» TO DO
The records below must be transcribed precisely and in full.

[[ ENTRIES PROVIDED open ]]

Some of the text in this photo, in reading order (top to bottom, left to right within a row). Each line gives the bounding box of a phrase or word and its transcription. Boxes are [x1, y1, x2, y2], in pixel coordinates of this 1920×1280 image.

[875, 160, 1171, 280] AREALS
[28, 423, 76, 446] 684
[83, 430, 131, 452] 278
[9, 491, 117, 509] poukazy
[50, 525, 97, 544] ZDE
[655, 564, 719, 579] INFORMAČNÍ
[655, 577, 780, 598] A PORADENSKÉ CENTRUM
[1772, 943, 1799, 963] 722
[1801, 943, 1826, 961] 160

[[ ENTRIES PROVIDED closed ]]

» SOLUTION BELOW
Some of the text in this photo, in reading order (top to bottom, left to right within a row). Each line gives the bounding box of a phrase or word and its transcription. Boxes are [x1, y1, x2, y2], in pixel coordinates of this 1920×1280 image.

[875, 160, 1171, 280] AREALS
[28, 423, 76, 446] 684
[83, 430, 131, 452] 278
[9, 491, 117, 509] poukazy
[50, 525, 97, 544] ZDE
[655, 564, 719, 579] INFORMAČNÍ
[655, 577, 780, 598] A PORADENSKÉ CENTRUM
[1772, 943, 1799, 963] 722
[1801, 943, 1826, 961] 160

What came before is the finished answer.